Inavolisib, an investigational oral therapy, has received this designation to be used in combination with palbociclib (Ibrance) and fulvestrant. The treatment is intended for adult patients with PIK3CA-mutated, hormone receptor-positive, human epidermal growth factor receptor 2-negative, locally advanced or metastatic breast cancer, especially for those who have experienced recurrence within 12 months of completing adjuvant endocrine therapy.
The Breakthrough Therapy Designation is based on results from the Phase III INAVO120 study, which demonstrated that an inavolisib-based regimen more than doubled progression-free survival compared to the combination of palbociclib and fulvestrant alone in the first-line setting.
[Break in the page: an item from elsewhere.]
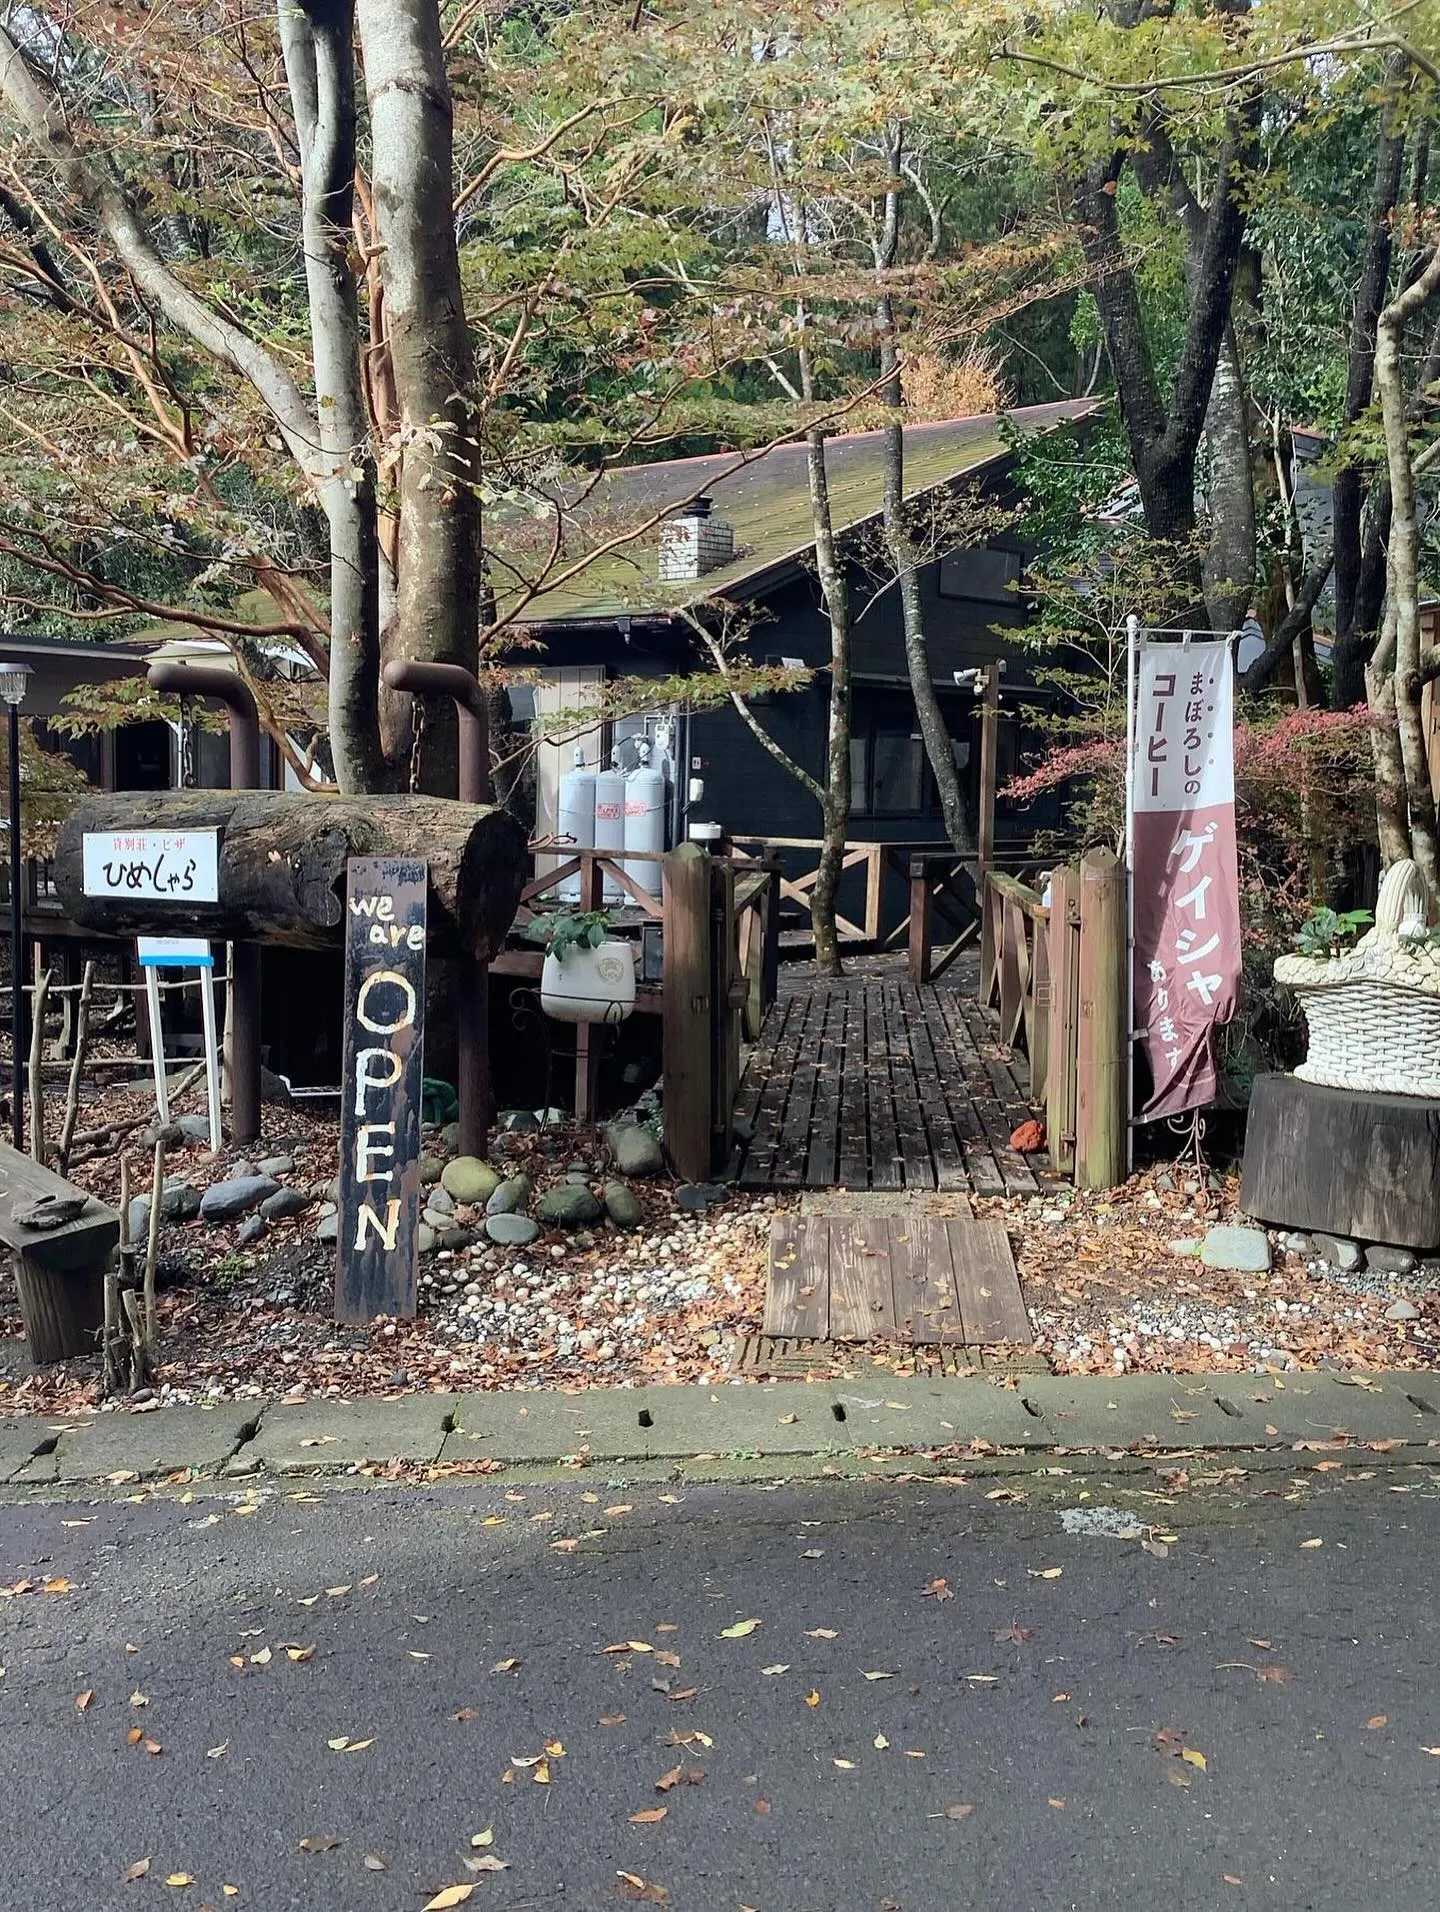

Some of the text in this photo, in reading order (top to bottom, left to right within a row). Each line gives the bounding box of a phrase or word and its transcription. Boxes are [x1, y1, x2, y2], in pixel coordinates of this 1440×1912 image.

According to the companies, approximately 40 percent of individuals with hormone receptor-positive breast cancer have a PIK3CA mutation, which often correlates with a poorer prognosis and resistance to endocrine treatment.
At this stage, overall survival (OS) data remains immature, but a clear positive trend has been observed. The follow-up for OS data will continue through the next analysis phase.
The FDA awards Breakthrough Therapy Designation to expedite the development and review of drugs that are intended to treat serious or life-threatening conditions and for which preliminary clinical evidence suggests a substantial improvement over existing therapies.
Roche's oncology portfolio has received a total of 29 Breakthrough Therapy Designations, including this latest one.
Levi Garraway, Roche's Chief Medical Officer and Head of Global Product Development, remarked, "We are pleased that the FDA has granted Breakthrough Therapy Designation for inavolisib, recognizing the significant clinical benefits observed with this regimen. This promising inavolisib-based treatment could revolutionize the PI3K inhibitor class, potentially setting a new standard of care for this patient population in the first-line setting."
The company also plans to submit the data from the INAVO120 study to other global health authorities, including the European Medicines Agency.
Inavolisib is being examined in three company-sponsored Phase III clinical studies (INAVO120, INAVO121, INAVO122) for PIK3CA-mutated locally advanced or metastatic breast cancer in various combinations.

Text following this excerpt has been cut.